Musim Kemarau
Warga Tembalang Terpaksa Beli Air Mineral untuk Memasak
Warga Rowosari Tembalang Terpaksa Beli Air Mineral untuk Memasak
Penulis: adi prianggoro | Editor: iswidodo
Laporan Wartawan Tribun Jateng, A Prianggoro
TRIBUNJATENG.COM, SEMARANG - Warga Rowosari Tembalang berharap Pemkot Semarang bisa cepat tanggap atas kekeringan yang terjadi di wilayah tersebut.

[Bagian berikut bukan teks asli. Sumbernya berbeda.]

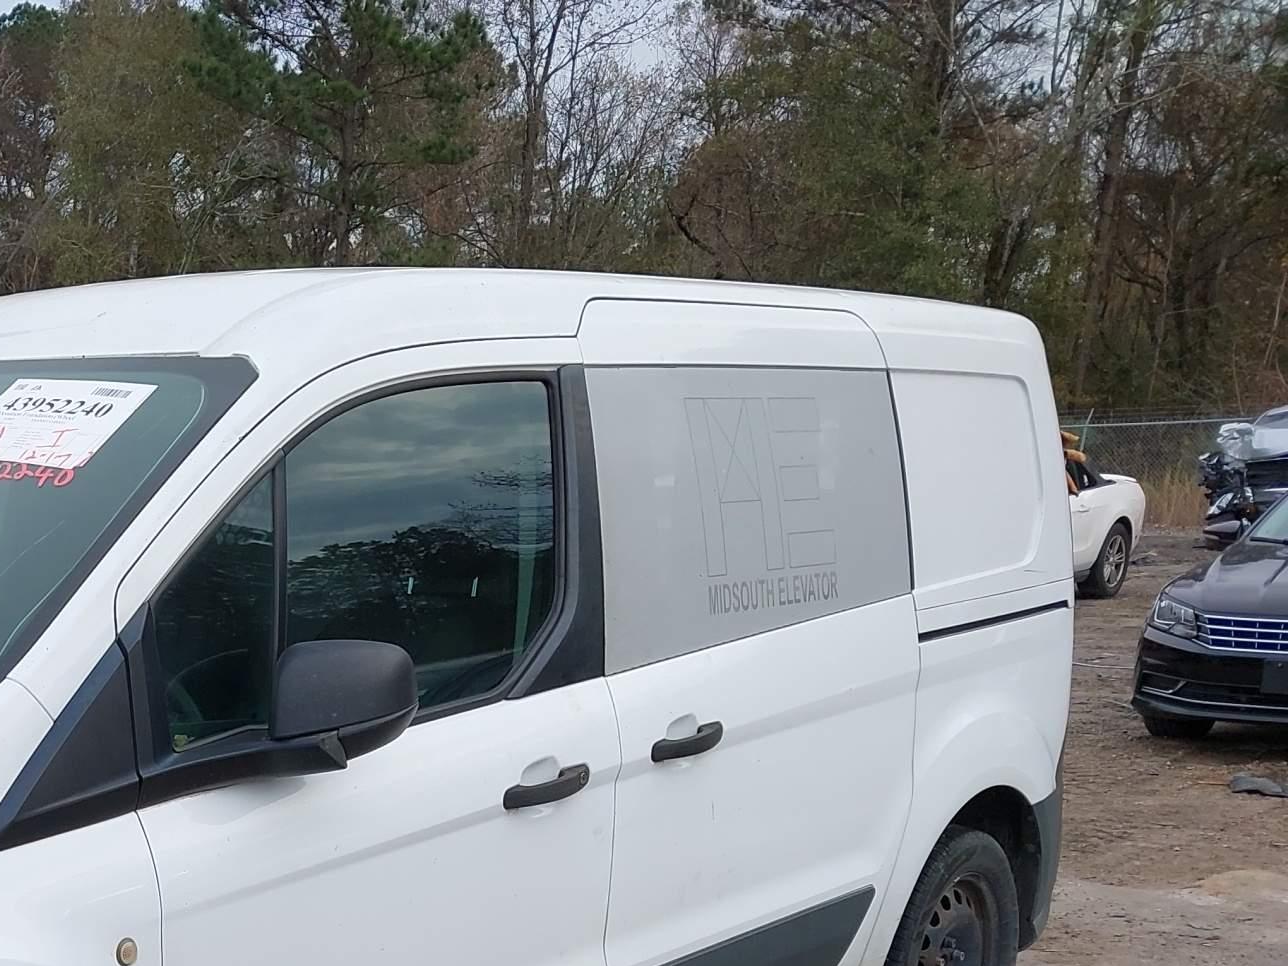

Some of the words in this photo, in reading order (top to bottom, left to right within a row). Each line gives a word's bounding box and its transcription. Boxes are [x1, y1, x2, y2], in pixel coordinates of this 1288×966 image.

"Kami terpaksa membeli air mineral (kemasan pabrik) untuk mendapatkan air bersih guna keperluan memasak dan minum. Itu membebani kami," ujar seorang warga Rowosari, Sri Haryanti (47), Senin (03/08/2015).

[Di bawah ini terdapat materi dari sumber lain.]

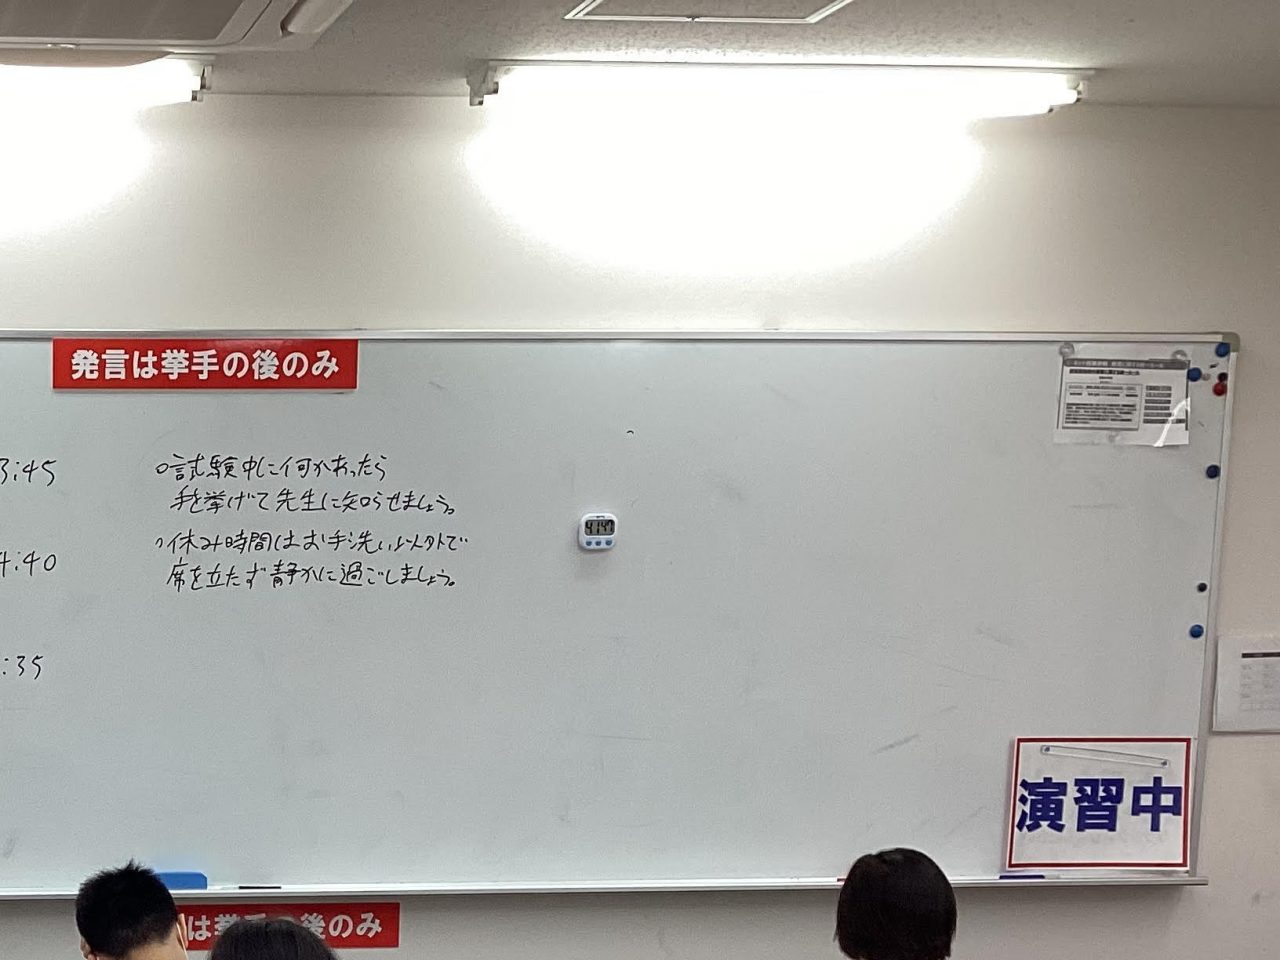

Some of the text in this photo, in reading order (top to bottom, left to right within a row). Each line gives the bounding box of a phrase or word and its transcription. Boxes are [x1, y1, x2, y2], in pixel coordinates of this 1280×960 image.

[70, 348, 340, 381] 発言は挙手の後のみ
[1015, 776, 1183, 833] 演習中

Sedangkan untuk keperluan mandi dan mencuci, Sri Haryanti mengandalkan air dari sumur resapan. Meski demikian, Sri Haryanti tidak bisa setiap hari mengandalkan sumur resapan tersebut.
"Kami harus menunggu beberapa hari air ke luar dari sumur resapan, tidak bisa setiap hari airnya mengalir," ungkapnya.

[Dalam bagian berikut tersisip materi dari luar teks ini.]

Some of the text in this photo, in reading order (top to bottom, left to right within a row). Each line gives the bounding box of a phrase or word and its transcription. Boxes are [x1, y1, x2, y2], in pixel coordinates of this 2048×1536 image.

Warga lainnya, Mutmainah (37) menceritakan bila kesulitan air bersih sejak 3 bulan terakhir. Hal itu yang membuat Mutmainah dan warga lainnya dipastikan berebut air bersih bila ada bantuan air masuk ke kampungnya. "Kalau tidak berebut bantuan (air), kami bisa repot. Sungai mengering dan sumur pun tidak keluar airnya," kata dia.
Sementara itu, Kepala Bidang Kedaruratan dan Logistik Badan penanggulangan Bencana Daerah (BPBD) Kota Semarang, Bambang Rudi mengatakan, pihaknya telah menyalurkan air bersih di sejumlah wilayah yang mengalami kekeringan. Menurut Bambang, sejak Februari BPBD siap siaga mengatasi kekeringan. "Sebagai langkah konkret, kami melalui PDAM sudah menyalurkan 100 tangki air bersih dengan kapasitas 5.000 liter per tangki selama musim kemarau 2015 ini," kata Bambang. (*)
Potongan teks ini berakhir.